Effects of Different BAC Levels
"The truth is that alcohol influences a person's driving no matter how little he or she drinks," Dr. Fredrickson warned. "Once ingested, the blood carries the alcohol to the important organs in the body that coordinate our activities, including driving."
Effects on Body
0.02 0.05 - Relaxation, slight body warmth, lower inhibition.
0.05 0.10 - Impairment of speech, vision, balance; sedation, tranquility, slowed reaction time, reduced self-control.
0.10 0.20 - Slurred speech, blurred vision, poor coordination, loss of balance, slowed thinking and nausea.
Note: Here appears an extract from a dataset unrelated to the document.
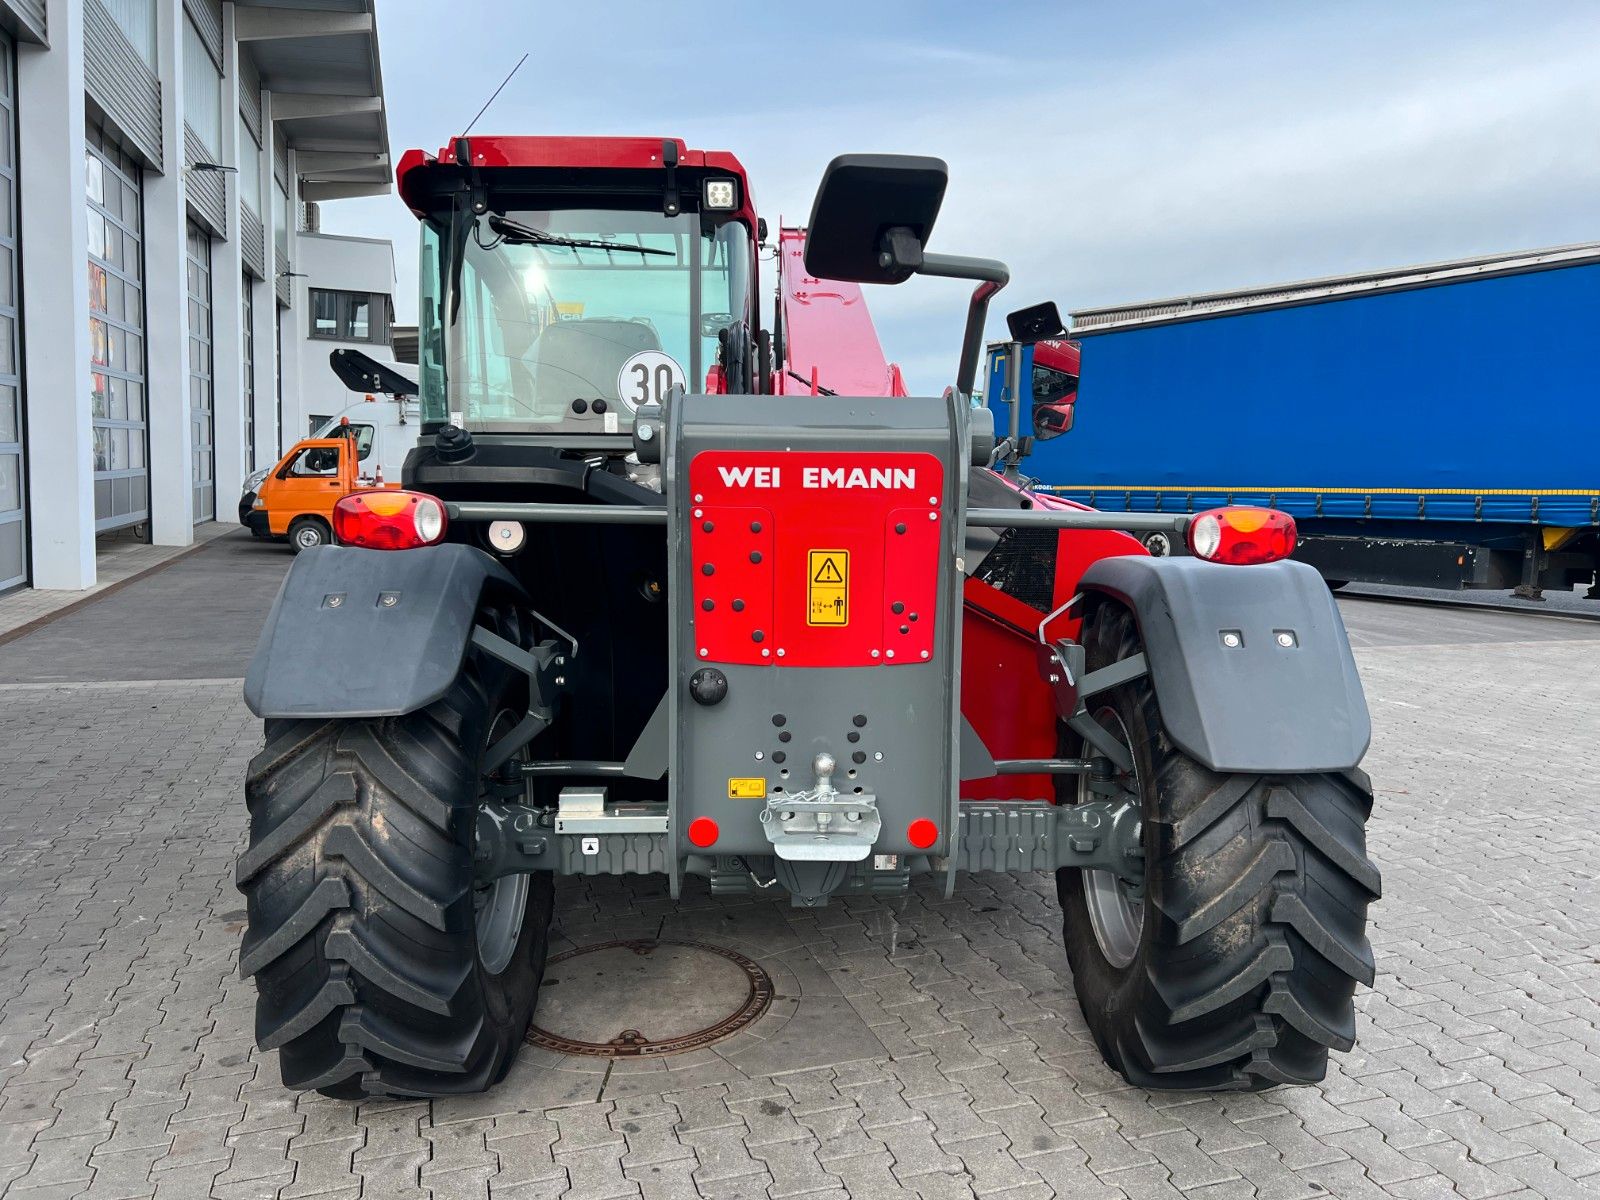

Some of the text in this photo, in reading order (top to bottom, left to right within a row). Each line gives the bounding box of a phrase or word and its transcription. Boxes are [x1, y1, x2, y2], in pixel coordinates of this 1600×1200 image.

[631, 363, 673, 405] 30
[717, 467, 915, 489] WEI EMANN
0.20 0.30 - Difficult walking, total mental confusion, double vision, vomiting.
0.30 0.40 - May pass out, tremors, memory loss, cool body temperature.
0.40 0.50 - Difficulty breathing, coma, possible death
0.50 and up - Death
According to the NHTSA, drivers under the influence of alcohol often display certain characteristics when they are on the road:
- Perception abilities are affected; they are less likely to observe traffic signs, pedestrians or cars coming from the opposite side
- Tendency to focus more straightforward and not look to the right or left; their eyes are slower and they remain focused on one object for a longer time
- Reaction time increases and reflexes diminish
- Difficulty driving in a straight line; sometimes driving on the wrong side of the road
- Poor judgment of distances and speed; stopping without cause
- Driving after dark with headlights off
- Tendency to be overconfident and put yourself in danger
"After frequently hearing about the dangers of drinking and driving, most people have gotten the message that if they're planning on drinking, they should always plan a safe way home," Dr. Fredrickson concluded. "However, millions of Americans still think they are invincible and regularly choose to get behind the wheel after having a few drinks."
SCH recommends these simple driving tips for a safe holiday season:
- Plan a safe way home before the festivities begin. Before drinking, designate a sober driver.
- If you're impaired, use a taxi, or call a sober friend or family member.
- If you happen to see a drunk driver on the road, don't hesitate to contact your local law enforcement officials.
- Remember, friends don't let friends drive drunk. If you know someone who is about to drive while impaired, take their keys and help them make other arrangements to get to where they are going safely.
Lastly, with Ohio's unpredictable weather, plan ahead for winter driving, and make sure your vehicle is in good working condition and contains appropriate emergency equipment.
Lauren Fredrickson, M.D., is the medical director of Salem Community Hospital's Emergency Department.